How to complete this task — The records are given next. Repeat each one exactly.

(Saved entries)
──────────────────────────────

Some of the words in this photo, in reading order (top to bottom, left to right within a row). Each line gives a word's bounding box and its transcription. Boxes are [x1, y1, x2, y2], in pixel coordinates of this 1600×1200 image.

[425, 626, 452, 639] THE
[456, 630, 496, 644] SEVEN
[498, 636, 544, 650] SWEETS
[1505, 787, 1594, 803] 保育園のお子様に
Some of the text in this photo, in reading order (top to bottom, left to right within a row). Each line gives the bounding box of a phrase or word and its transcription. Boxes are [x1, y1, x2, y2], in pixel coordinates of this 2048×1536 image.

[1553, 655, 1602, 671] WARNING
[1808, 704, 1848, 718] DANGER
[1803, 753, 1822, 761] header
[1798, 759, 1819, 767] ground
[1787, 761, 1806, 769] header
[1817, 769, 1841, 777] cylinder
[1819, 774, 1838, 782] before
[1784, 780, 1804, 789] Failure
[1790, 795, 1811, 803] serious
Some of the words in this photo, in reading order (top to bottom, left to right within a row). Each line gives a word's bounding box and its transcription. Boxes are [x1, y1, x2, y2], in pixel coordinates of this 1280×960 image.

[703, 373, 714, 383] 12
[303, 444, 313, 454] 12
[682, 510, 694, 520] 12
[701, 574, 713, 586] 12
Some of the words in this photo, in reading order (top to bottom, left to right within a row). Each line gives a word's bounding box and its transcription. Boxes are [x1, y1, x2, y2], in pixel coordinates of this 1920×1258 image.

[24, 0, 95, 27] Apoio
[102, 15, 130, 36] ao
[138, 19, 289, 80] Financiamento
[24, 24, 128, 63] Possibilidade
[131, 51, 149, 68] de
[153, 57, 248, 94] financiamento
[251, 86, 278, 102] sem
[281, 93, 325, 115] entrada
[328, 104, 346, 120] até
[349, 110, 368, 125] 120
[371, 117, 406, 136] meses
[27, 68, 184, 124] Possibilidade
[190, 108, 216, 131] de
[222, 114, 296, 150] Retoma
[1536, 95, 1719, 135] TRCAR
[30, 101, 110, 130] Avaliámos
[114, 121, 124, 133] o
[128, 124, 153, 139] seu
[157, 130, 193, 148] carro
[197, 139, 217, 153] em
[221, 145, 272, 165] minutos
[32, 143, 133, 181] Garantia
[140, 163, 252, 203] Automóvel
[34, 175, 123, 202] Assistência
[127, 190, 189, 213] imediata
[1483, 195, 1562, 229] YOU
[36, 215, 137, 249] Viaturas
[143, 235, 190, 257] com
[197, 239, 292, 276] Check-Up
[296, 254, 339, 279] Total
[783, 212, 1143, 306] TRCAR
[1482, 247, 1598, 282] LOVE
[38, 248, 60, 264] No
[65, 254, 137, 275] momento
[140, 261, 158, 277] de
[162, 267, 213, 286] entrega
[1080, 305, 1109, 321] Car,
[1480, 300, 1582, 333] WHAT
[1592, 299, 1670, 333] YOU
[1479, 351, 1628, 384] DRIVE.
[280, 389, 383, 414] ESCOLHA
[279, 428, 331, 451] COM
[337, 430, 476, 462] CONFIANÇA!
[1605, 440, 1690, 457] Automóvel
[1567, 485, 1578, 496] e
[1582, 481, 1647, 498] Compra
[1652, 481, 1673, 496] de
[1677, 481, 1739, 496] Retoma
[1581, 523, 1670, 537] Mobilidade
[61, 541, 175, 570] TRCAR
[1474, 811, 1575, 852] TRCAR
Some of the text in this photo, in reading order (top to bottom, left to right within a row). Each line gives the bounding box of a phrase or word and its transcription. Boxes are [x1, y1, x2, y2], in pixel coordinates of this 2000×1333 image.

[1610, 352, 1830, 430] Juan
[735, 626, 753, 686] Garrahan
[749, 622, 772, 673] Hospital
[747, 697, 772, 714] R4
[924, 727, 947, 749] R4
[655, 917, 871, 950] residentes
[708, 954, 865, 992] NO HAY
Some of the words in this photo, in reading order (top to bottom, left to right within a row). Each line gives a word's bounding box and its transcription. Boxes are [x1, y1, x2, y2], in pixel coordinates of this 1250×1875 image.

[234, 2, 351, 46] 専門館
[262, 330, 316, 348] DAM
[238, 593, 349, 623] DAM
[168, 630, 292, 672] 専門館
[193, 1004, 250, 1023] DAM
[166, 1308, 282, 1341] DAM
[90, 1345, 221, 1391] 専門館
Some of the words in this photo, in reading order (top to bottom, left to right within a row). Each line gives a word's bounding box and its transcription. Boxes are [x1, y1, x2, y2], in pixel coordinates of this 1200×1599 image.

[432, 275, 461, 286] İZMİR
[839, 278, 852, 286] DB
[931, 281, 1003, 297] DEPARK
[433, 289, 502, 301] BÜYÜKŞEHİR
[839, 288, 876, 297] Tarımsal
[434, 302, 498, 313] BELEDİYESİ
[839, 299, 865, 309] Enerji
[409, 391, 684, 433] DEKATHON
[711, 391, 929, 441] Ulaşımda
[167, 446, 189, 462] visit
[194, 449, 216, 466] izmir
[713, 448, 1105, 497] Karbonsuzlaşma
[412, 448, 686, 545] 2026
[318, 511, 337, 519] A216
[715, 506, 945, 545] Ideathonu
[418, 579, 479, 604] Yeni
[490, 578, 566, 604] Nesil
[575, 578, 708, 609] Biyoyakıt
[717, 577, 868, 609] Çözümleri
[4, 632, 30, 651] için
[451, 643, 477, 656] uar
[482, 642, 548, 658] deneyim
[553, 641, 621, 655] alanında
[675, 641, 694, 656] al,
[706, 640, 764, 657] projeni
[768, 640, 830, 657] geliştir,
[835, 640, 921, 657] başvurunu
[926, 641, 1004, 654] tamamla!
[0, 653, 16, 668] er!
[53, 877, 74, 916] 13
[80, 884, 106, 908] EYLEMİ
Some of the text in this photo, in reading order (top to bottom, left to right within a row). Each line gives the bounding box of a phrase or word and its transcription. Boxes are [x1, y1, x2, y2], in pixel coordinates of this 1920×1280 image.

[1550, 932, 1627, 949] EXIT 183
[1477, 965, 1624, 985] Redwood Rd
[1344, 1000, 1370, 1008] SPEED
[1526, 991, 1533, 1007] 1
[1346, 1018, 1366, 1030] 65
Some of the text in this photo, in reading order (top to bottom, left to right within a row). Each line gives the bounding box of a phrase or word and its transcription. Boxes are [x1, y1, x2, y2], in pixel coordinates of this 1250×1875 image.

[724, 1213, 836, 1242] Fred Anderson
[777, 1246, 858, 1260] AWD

──────────────────────────────

Completed exercise —
Some of the words in this photo, in reading order (top to bottom, left to right within a row). Each line gives a word's bounding box and its transcription. Boxes are [x1, y1, x2, y2], in pixel coordinates of this 1600×1200 image.

[425, 626, 452, 639] THE
[456, 630, 496, 644] SEVEN
[498, 636, 544, 650] SWEETS
[1505, 787, 1594, 803] 保育園のお子様に
Some of the text in this photo, in reading order (top to bottom, left to right within a row). Each line gives the bounding box of a phrase or word and its transcription. Boxes are [x1, y1, x2, y2], in pixel coordinates of this 2048×1536 image.

[1553, 655, 1602, 671] WARNING
[1808, 704, 1848, 718] DANGER
[1803, 753, 1822, 761] header
[1798, 759, 1819, 767] ground
[1787, 761, 1806, 769] header
[1817, 769, 1841, 777] cylinder
[1819, 774, 1838, 782] before
[1784, 780, 1804, 789] Failure
[1790, 795, 1811, 803] serious
Some of the words in this photo, in reading order (top to bottom, left to right within a row). Each line gives a word's bounding box and its transcription. Boxes are [x1, y1, x2, y2], in pixel coordinates of this 1280×960 image.

[703, 373, 714, 383] 12
[303, 444, 313, 454] 12
[682, 510, 694, 520] 12
[701, 574, 713, 586] 12
Some of the words in this photo, in reading order (top to bottom, left to right within a row). Each line gives a word's bounding box and its transcription. Boxes are [x1, y1, x2, y2], in pixel coordinates of this 1920×1258 image.

[24, 0, 95, 27] Apoio
[102, 15, 130, 36] ao
[138, 19, 289, 80] Financiamento
[24, 24, 128, 63] Possibilidade
[131, 51, 149, 68] de
[153, 57, 248, 94] financiamento
[251, 86, 278, 102] sem
[281, 93, 325, 115] entrada
[328, 104, 346, 120] até
[349, 110, 368, 125] 120
[371, 117, 406, 136] meses
[27, 68, 184, 124] Possibilidade
[190, 108, 216, 131] de
[222, 114, 296, 150] Retoma
[1536, 95, 1719, 135] TRCAR
[30, 101, 110, 130] Avaliámos
[114, 121, 124, 133] o
[128, 124, 153, 139] seu
[157, 130, 193, 148] carro
[197, 139, 217, 153] em
[221, 145, 272, 165] minutos
[32, 143, 133, 181] Garantia
[140, 163, 252, 203] Automóvel
[34, 175, 123, 202] Assistência
[127, 190, 189, 213] imediata
[1483, 195, 1562, 229] YOU
[36, 215, 137, 249] Viaturas
[143, 235, 190, 257] com
[197, 239, 292, 276] Check-Up
[296, 254, 339, 279] Total
[783, 212, 1143, 306] TRCAR
[1482, 247, 1598, 282] LOVE
[38, 248, 60, 264] No
[65, 254, 137, 275] momento
[140, 261, 158, 277] de
[162, 267, 213, 286] entrega
[1080, 305, 1109, 321] Car,
[1480, 300, 1582, 333] WHAT
[1592, 299, 1670, 333] YOU
[1479, 351, 1628, 384] DRIVE.
[280, 389, 383, 414] ESCOLHA
[279, 428, 331, 451] COM
[337, 430, 476, 462] CONFIANÇA!
[1605, 440, 1690, 457] Automóvel
[1567, 485, 1578, 496] e
[1582, 481, 1647, 498] Compra
[1652, 481, 1673, 496] de
[1677, 481, 1739, 496] Retoma
[1581, 523, 1670, 537] Mobilidade
[61, 541, 175, 570] TRCAR
[1474, 811, 1575, 852] TRCAR
Some of the text in this photo, in reading order (top to bottom, left to right within a row). Each line gives the bounding box of a phrase or word and its transcription. Boxes are [x1, y1, x2, y2], in pixel coordinates of this 2000×1333 image.

[1610, 352, 1830, 430] Juan
[735, 626, 753, 686] Garrahan
[749, 622, 772, 673] Hospital
[747, 697, 772, 714] R4
[924, 727, 947, 749] R4
[655, 917, 871, 950] residentes
[708, 954, 865, 992] NO HAY
Some of the words in this photo, in reading order (top to bottom, left to right within a row). Each line gives a word's bounding box and its transcription. Boxes are [x1, y1, x2, y2], in pixel coordinates of this 1250×1875 image.

[234, 2, 351, 46] 専門館
[262, 330, 316, 348] DAM
[238, 593, 349, 623] DAM
[168, 630, 292, 672] 専門館
[193, 1004, 250, 1023] DAM
[166, 1308, 282, 1341] DAM
[90, 1345, 221, 1391] 専門館
Some of the words in this photo, in reading order (top to bottom, left to right within a row). Each line gives a word's bounding box and its transcription. Boxes are [x1, y1, x2, y2], in pixel coordinates of this 1200×1599 image.

[432, 275, 461, 286] İZMİR
[839, 278, 852, 286] DB
[931, 281, 1003, 297] DEPARK
[433, 289, 502, 301] BÜYÜKŞEHİR
[839, 288, 876, 297] Tarımsal
[434, 302, 498, 313] BELEDİYESİ
[839, 299, 865, 309] Enerji
[409, 391, 684, 433] DEKATHON
[711, 391, 929, 441] Ulaşımda
[167, 446, 189, 462] visit
[194, 449, 216, 466] izmir
[713, 448, 1105, 497] Karbonsuzlaşma
[412, 448, 686, 545] 2026
[318, 511, 337, 519] A216
[715, 506, 945, 545] Ideathonu
[418, 579, 479, 604] Yeni
[490, 578, 566, 604] Nesil
[575, 578, 708, 609] Biyoyakıt
[717, 577, 868, 609] Çözümleri
[4, 632, 30, 651] için
[451, 643, 477, 656] uar
[482, 642, 548, 658] deneyim
[553, 641, 621, 655] alanında
[675, 641, 694, 656] al,
[706, 640, 764, 657] projeni
[768, 640, 830, 657] geliştir,
[835, 640, 921, 657] başvurunu
[926, 641, 1004, 654] tamamla!
[0, 653, 16, 668] er!
[53, 877, 74, 916] 13
[80, 884, 106, 908] EYLEMİ
Some of the text in this photo, in reading order (top to bottom, left to right within a row). Each line gives the bounding box of a phrase or word and its transcription. Boxes are [x1, y1, x2, y2], in pixel coordinates of this 1920×1280 image.

[1550, 932, 1627, 949] EXIT 183
[1477, 965, 1624, 985] Redwood Rd
[1344, 1000, 1370, 1008] SPEED
[1526, 991, 1533, 1007] 1
[1346, 1018, 1366, 1030] 65
Some of the text in this photo, in reading order (top to bottom, left to right within a row). Each line gives the bounding box of a phrase or word and its transcription. Boxes are [x1, y1, x2, y2], in pixel coordinates of this 1250×1875 image.

[724, 1213, 836, 1242] Fred Anderson
[777, 1246, 858, 1260] AWD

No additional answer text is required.